The author/physician recognizes the mind/thyroid link and uses T3 to treat issues that are thyroid and non-thyroid related. The doctor is well regarded and I found this book to be very helpful. They might have it at your library.


----------



## McKenna (Jun 23, 2010)

Andros said:


> You have not offended me,that is for sure. And, lest I offend you; may I please use the link you provided on this board as well? I am not one to steal someone else's sails w/o asking!


Of course! I hope it helps someone.



> You might want to take a look at this book:
> http://www.amazon.com/Thyroid-Soluti...9289469&sr=8-1
> 
> The author/physician recognizes the mind/thyroid link and uses T3 to treat issues that are thyroid and non-thyroid related. The doctor is well regarded and I found this book to be very helpful. They might have it at your library.


I agree! Excellent book!


----------



## Cat1990 (Jun 9, 2011)

You aren't crazy, and neither is this site, nor the ppl on here! 
my old doctor typed in on my data that i had an "underlying anxiety disorder" and to
see an internist for other bodily problems (AFTER she treated me for awhile.!) I was pretty ticked off too. Its so be-littling to just write us off like damaged cargo. The only 
reason why Ive had anxiety was because she was purposely letting me run out of meds! and now i dont have any...yeah shes a jerk.
We totally understand, doctors can be a pain. Best of wishes to you. Listen to what
your body is telling you...you know you better than anyone. Don't let others rule your
health  !! <3 &don't give up on yourself


----------



## lainey (Aug 26, 2010)

Ummm, and I remember reading a book shortly after first being diagnosed where the author basically suggested that all the problems in the world would be solved if we would just give everyone a little thyroid medication.
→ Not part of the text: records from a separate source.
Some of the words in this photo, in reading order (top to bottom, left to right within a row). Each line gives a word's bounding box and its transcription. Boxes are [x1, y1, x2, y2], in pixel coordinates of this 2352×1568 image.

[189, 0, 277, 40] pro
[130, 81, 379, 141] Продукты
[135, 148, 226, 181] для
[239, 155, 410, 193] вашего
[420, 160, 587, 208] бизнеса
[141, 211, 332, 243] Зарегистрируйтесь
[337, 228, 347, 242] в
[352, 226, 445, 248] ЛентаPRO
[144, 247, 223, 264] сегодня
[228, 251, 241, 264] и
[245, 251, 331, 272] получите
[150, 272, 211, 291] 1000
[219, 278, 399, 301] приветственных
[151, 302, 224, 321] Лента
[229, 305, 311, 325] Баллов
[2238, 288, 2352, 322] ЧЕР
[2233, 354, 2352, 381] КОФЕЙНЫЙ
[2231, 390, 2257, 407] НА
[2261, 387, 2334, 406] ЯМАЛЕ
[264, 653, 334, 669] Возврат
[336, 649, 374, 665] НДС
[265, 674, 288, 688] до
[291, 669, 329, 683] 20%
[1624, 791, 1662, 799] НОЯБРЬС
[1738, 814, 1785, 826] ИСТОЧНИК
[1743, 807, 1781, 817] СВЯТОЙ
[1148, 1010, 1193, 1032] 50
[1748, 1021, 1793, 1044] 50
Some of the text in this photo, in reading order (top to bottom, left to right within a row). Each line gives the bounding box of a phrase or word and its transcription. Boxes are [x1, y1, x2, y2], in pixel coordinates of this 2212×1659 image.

Allow me to be the devil's advocate for a minute, and throw this out for ya'll to gnash on.

You have to remember that there is a stereotype for thyroid patients--the 3 F's--fat, female and forty. There is a perception that these women are whiney and demanding, and that if they would just get out and get busy at life, some of their problems would be solved.

You can't blame everything on thyroid disease. As much as you would like to see it as being serious, especially from a quality of life standpoint, thyroid disease is seen as a relatively benign condition in the medical community. It is generally easy to manage, not particularly life threatening, and overall doesn't necessarily lead to many complications. Additionally, most doctors don't feel the need to micromanage a patient's levels in the way that so many in the forums like to think they need to be, leading to the patient feeling under-served.

Depression is common in the general population, for a variety of reasons. As closely as it is tied to thyroid levels, you can certainly be euthyroid and still be depressed. Adjusting your numbers add infinitum may not necessarily solve the problem, hence the tight little circle some people travel--my depression is related to my numbers, my numbers are related to my depression if I only had more thyroid medication........pfft! all the problems would disappear.

So, how can we help ourselves?

Don't be the stereotypical patient. Don't just say, "I'm tired". Be specific about how fatigue is interfering with your ability to function. Don't just say, "I can't lose weight". Say, "I'm following _______ diet and not having a lot of success. Do you have any suggestions?" Don't say, "I read on the internet that most people feel well with a TSH of _____". Say, "I see that my TSH is _______ and there is still some room in the range to go a little lower, can I try a dose increase to see if it works?"

Be compliant. Develop a relationship with your doctor. Let them see when you are feeling well and positive so that they have a frame of reference to judge when you are sick.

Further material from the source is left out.